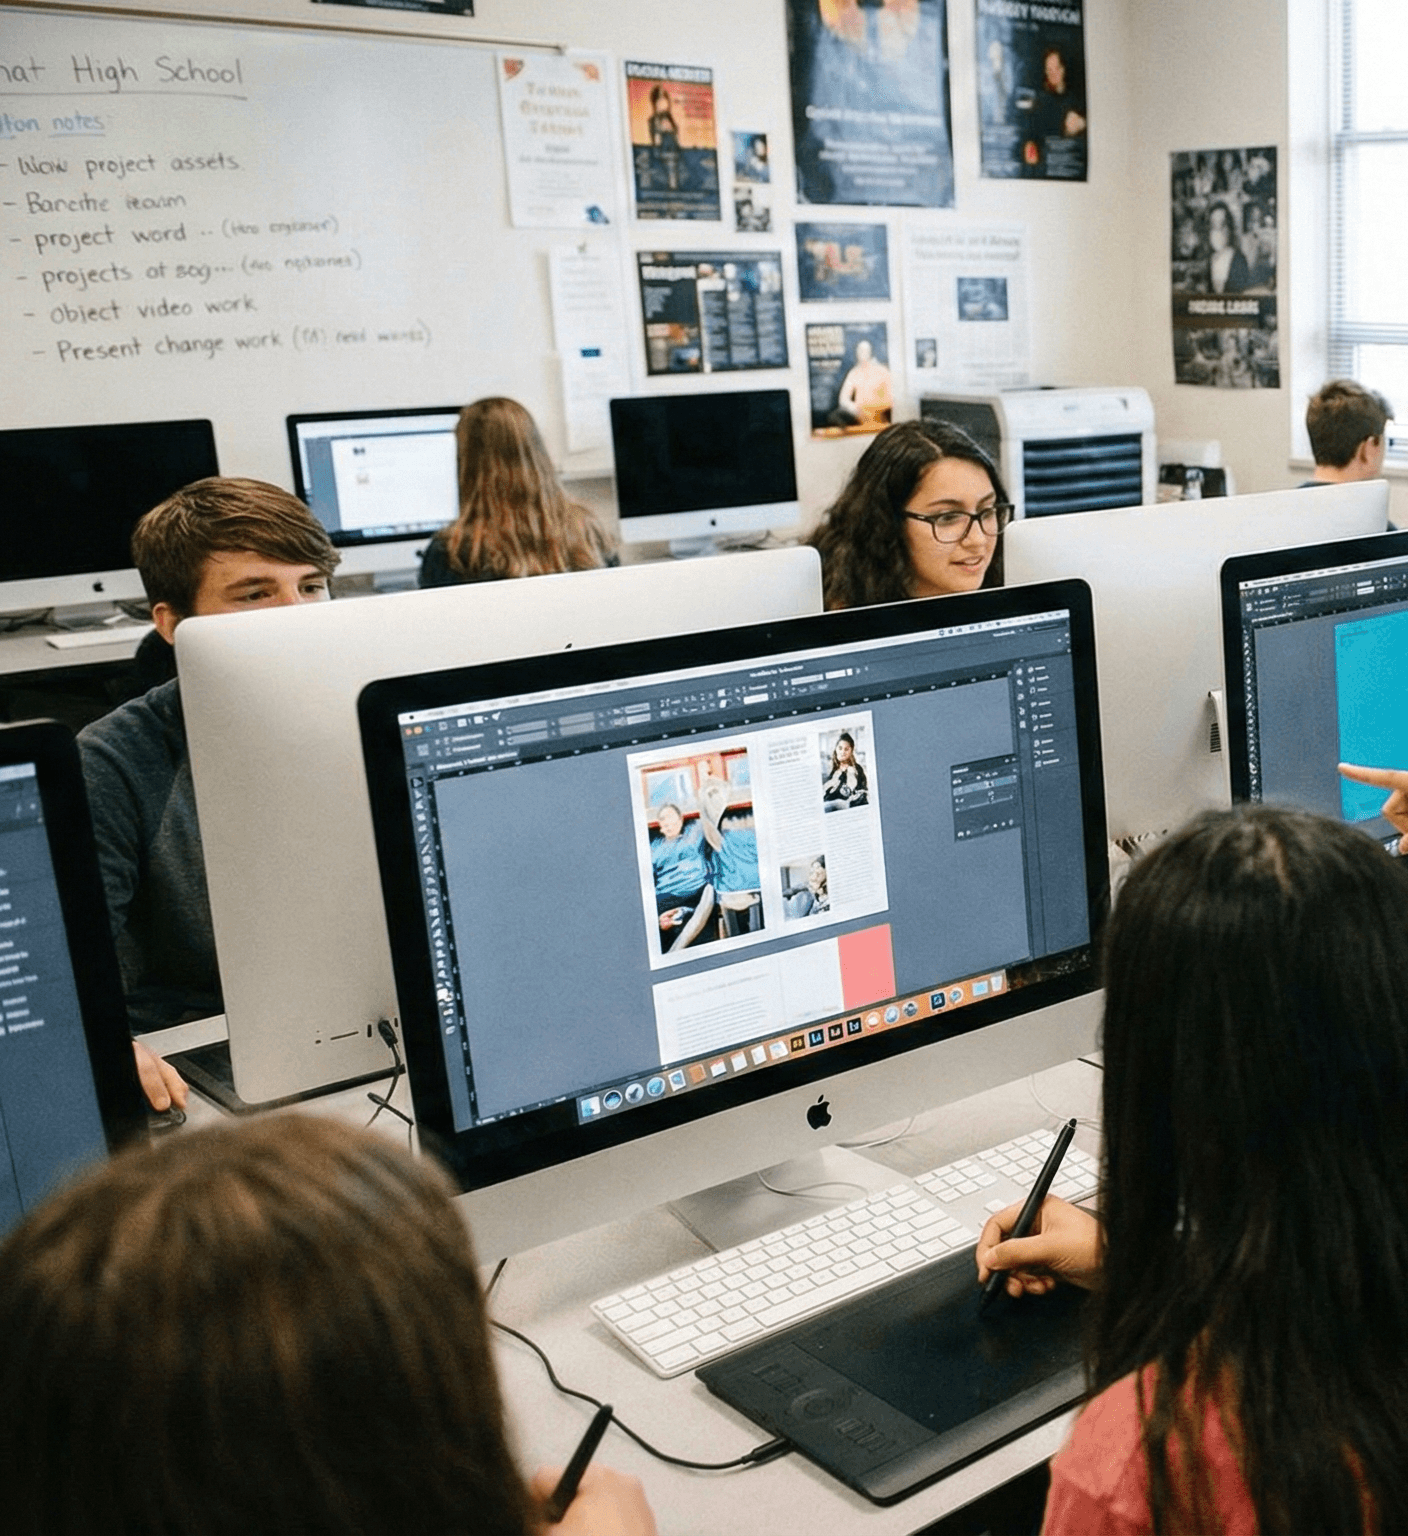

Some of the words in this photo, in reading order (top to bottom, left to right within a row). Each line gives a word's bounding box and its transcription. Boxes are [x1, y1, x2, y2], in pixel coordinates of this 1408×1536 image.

[71, 54, 139, 94] High
[155, 55, 243, 84] School
[86, 154, 156, 180] project
[35, 223, 115, 255] project
[132, 225, 187, 244] word
[42, 262, 133, 293] projects
[137, 297, 193, 318] video
[205, 293, 258, 314] work
[57, 337, 142, 363] Present
[154, 334, 225, 360] change
[235, 331, 284, 350] work
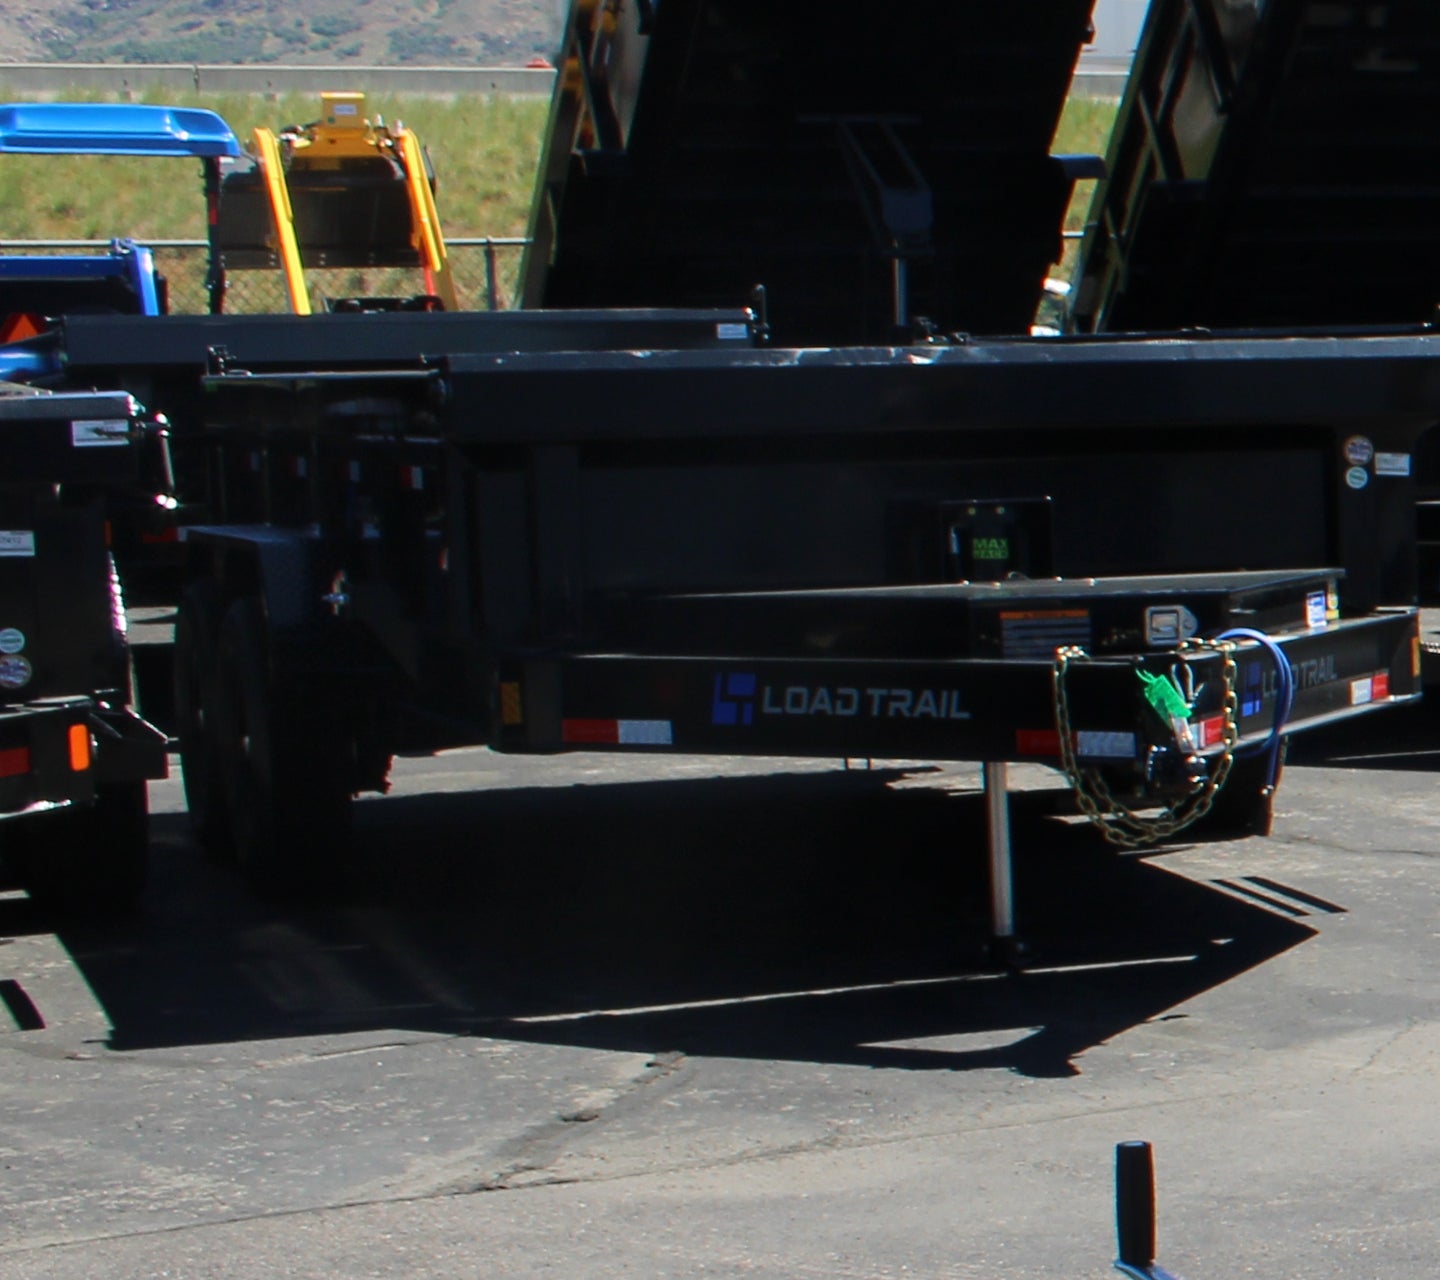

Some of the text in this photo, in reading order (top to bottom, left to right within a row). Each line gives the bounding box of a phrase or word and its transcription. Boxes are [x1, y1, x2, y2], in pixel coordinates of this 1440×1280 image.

[972, 537, 1009, 551] MAX
[1300, 654, 1339, 689] TRAIL
[762, 685, 971, 720] LOAD TRAIL
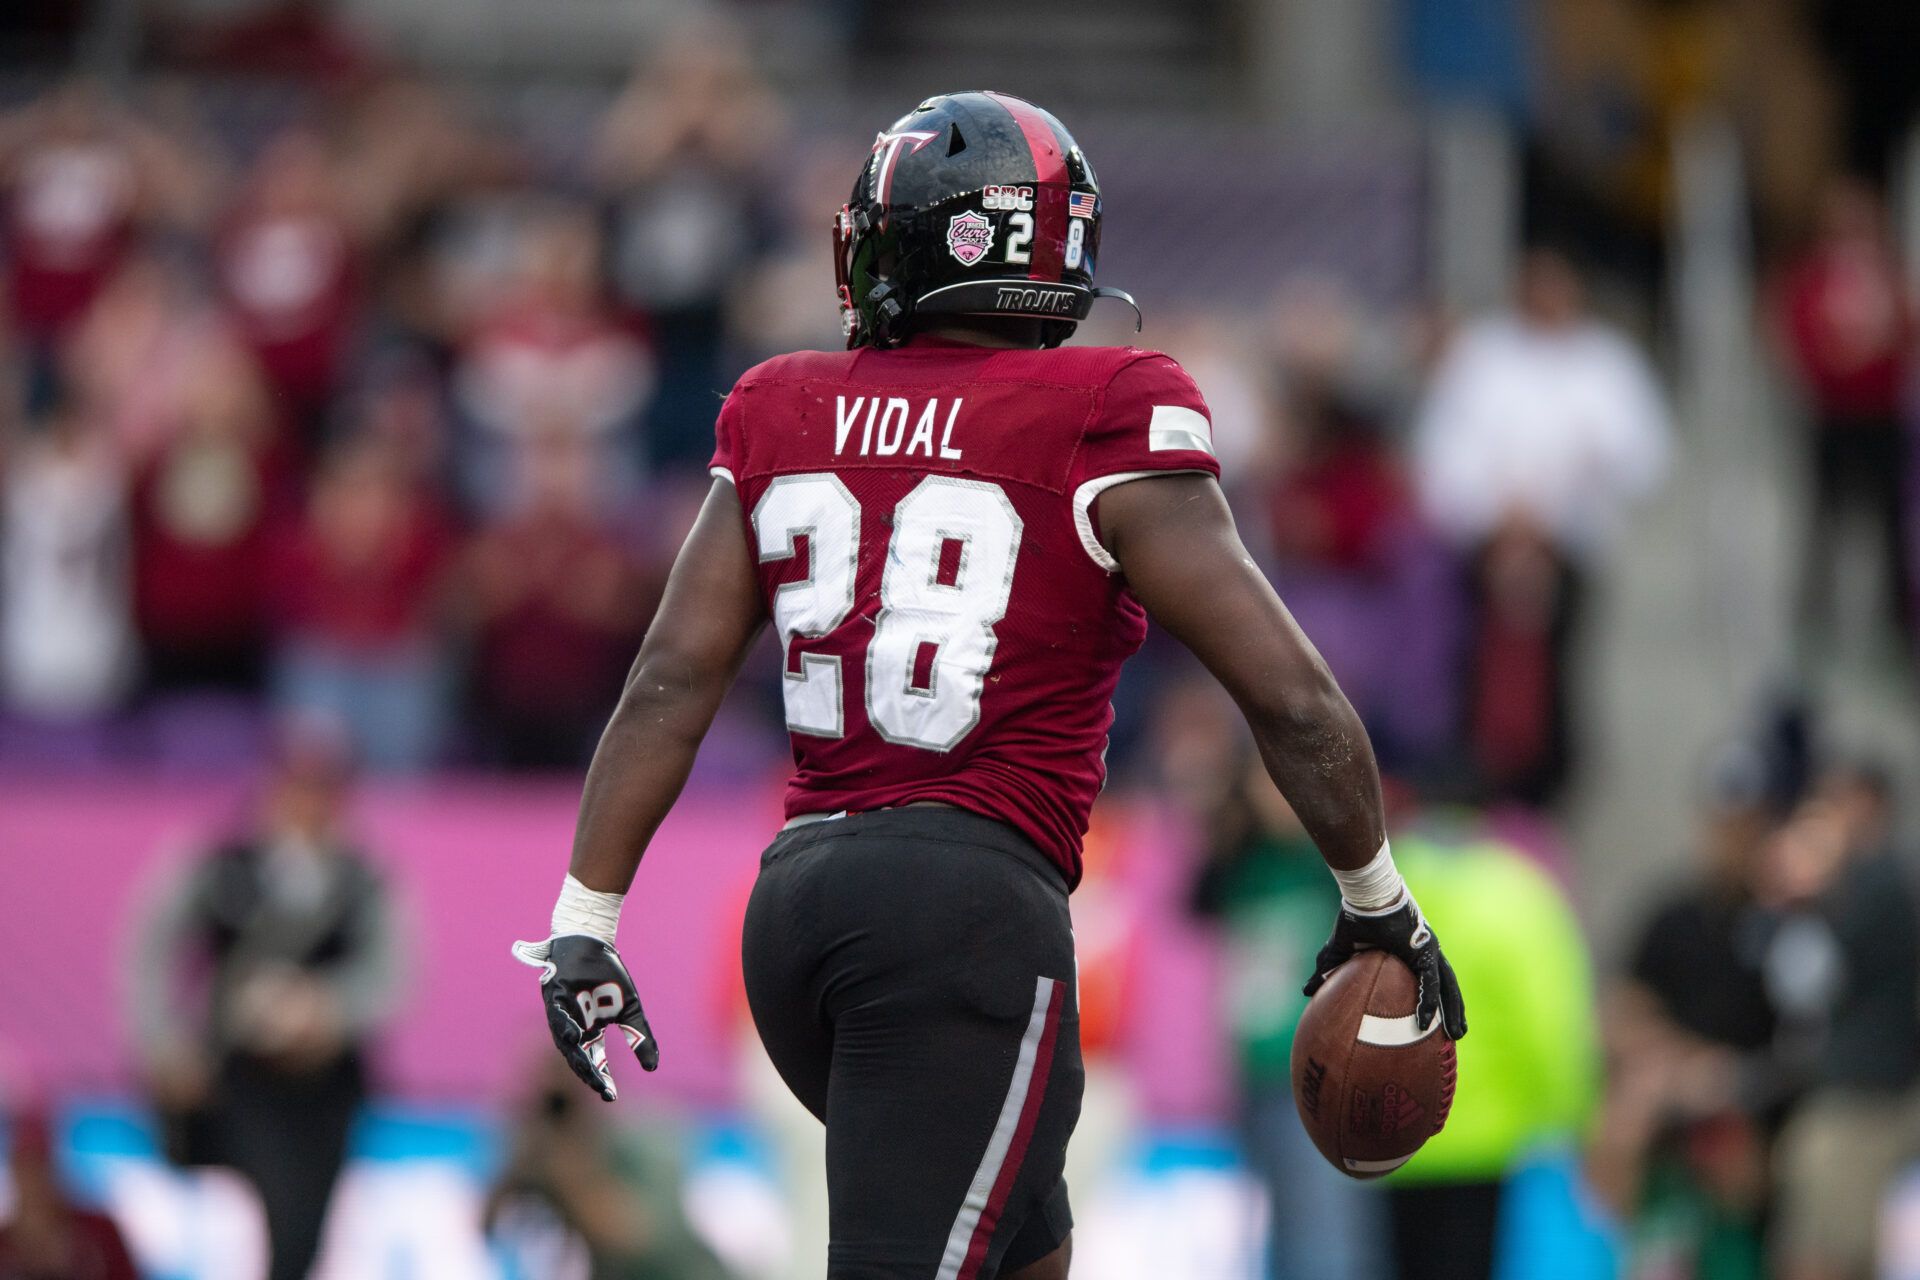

________________

Exercise prompt: Transcribe exactly the span of lines that opens with the line holding "Some of the text" and closes with the last line of the entries above. Omit pictures.

Written reply:
Some of the text in this photo, in reading order (top to bottom, left to right within a row). Each line gives the bounding box of a phrase or word and its transcription. Boxes are [x1, y1, x2, y2], in pixel coordinates of this 1440×1280 image.

[972, 537, 1009, 551] MAX
[1300, 654, 1339, 689] TRAIL
[762, 685, 971, 720] LOAD TRAIL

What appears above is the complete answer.